Como se vê, o materialismo também tem o seu fanatismo. Há alguns anos apenas, ele não teria ousado exibir-se tão audaciosamente; hoje ele leva abertamente o desafio ao espiritualismo, e o positivismo já não é, aos seus olhos, bastante radical. Ele tem suas manifestações públicas, e é ensinado publicamente à mocidade; tem a mais o que censura aos outros, a intolerância, que vai até a intimidação. Imagine-se o estado social de um povo imbuído de semelhantes doutrinas!
Esses excessos, entretanto, têm a sua utilidade, a sua razão de ser. Eles amedrontam a Sociedade, e o bem sempre sai do mal. É preciso o excesso do mal para fazer sentir a necessidade do melhor, sem o que o homem não sairia de sua inércia; ficaria impassível diante de um mal que se perpetuaria por força de sua pouca importância, ao passo que um grande mal desperta a sua atenção e lhe faz buscar os meios de remediá-lo. Sem os grandes desastres ocorridos no início das ferrovias, e que apavoravam, os pequenos acidentes isolados, passando quase desapercebidos, teriam conduzido ao menosprezo das medidas de segurança. No moral é como no físico: quanto mais excessivos os abusos, mais próximo está o termo.
A causa primeira do desenvolvimento da incredulidade está, como temos dito muitas vezes, na insuficiência das crenças religiosas, em geral, para satisfazer a razão, e no seu princípio de imobilidade que lhes interdita toda concessão sobre os seus dogmas, mesmo diante da evidência. Se, em vez de ficar para trás, elas tivessem seguido o movimento progressivo do espírito humano, mantendo-se sempre no nível da Ciência, é certo que elas difeririam um pouco do que eram no princípio, como um adulto difere da criança de colo, mas a fé, em vez de se extinguir, teria crescido com a razão, porque é uma necessidade para a Humanidade, e elas não teriam aberto a porta à incredulidade que vem sapar o que delas resta. Elas colhem o que semearam.

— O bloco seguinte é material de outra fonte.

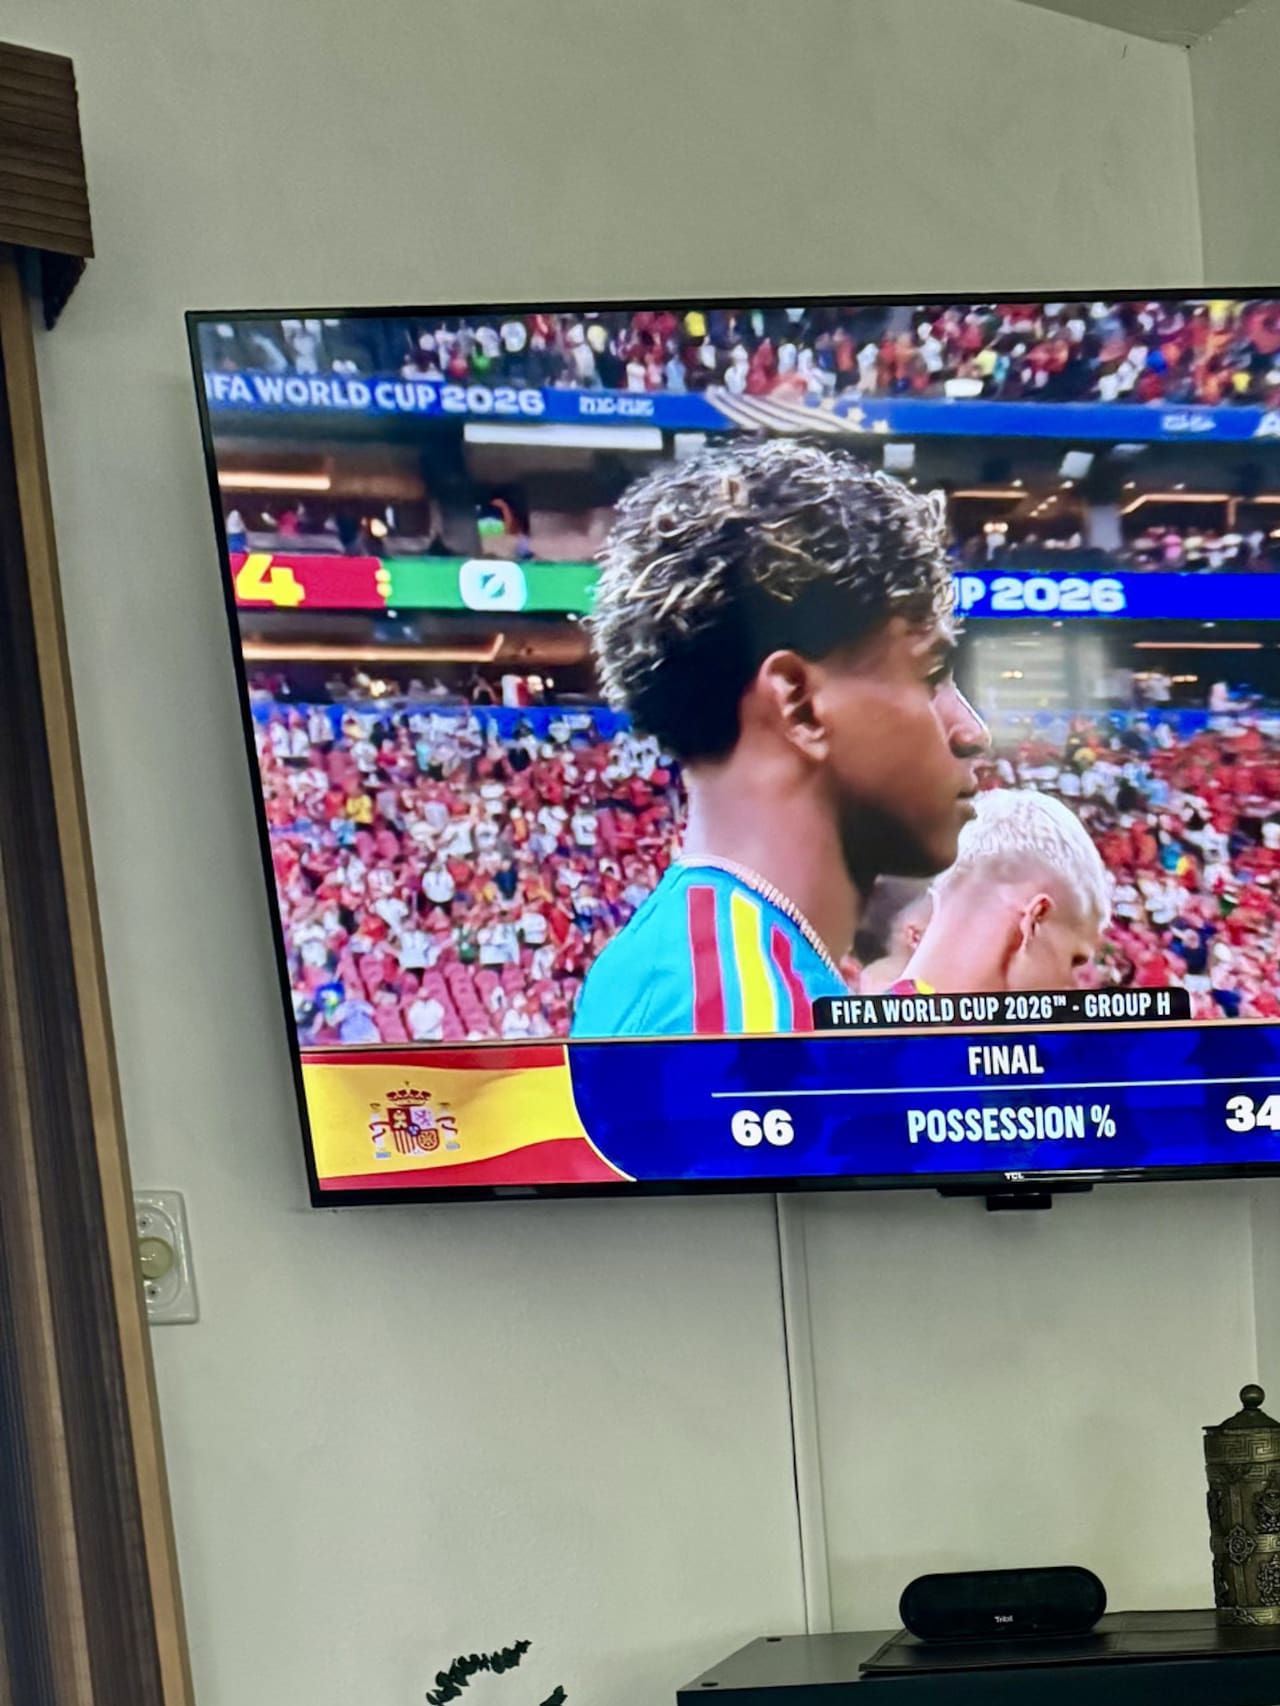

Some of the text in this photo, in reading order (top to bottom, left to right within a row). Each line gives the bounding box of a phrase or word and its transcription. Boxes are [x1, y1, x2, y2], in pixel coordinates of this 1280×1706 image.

O materialismo é uma consequência da época de transição em que estamos; não é bem um progresso, mas um instrumento de progresso. Ele desaparecerá, provando a sua insuficiência para a manutenção da ordem social e para a satisfação dos Espíritos sérios que procuram o porquê de cada coisa. Para isto era necessário que o vissem à obra. A Humanidade, que necessita crer no futuro, jamais se contentará com o vazio que ele deixa após si, e procurará algo de melhor para combatê-lo.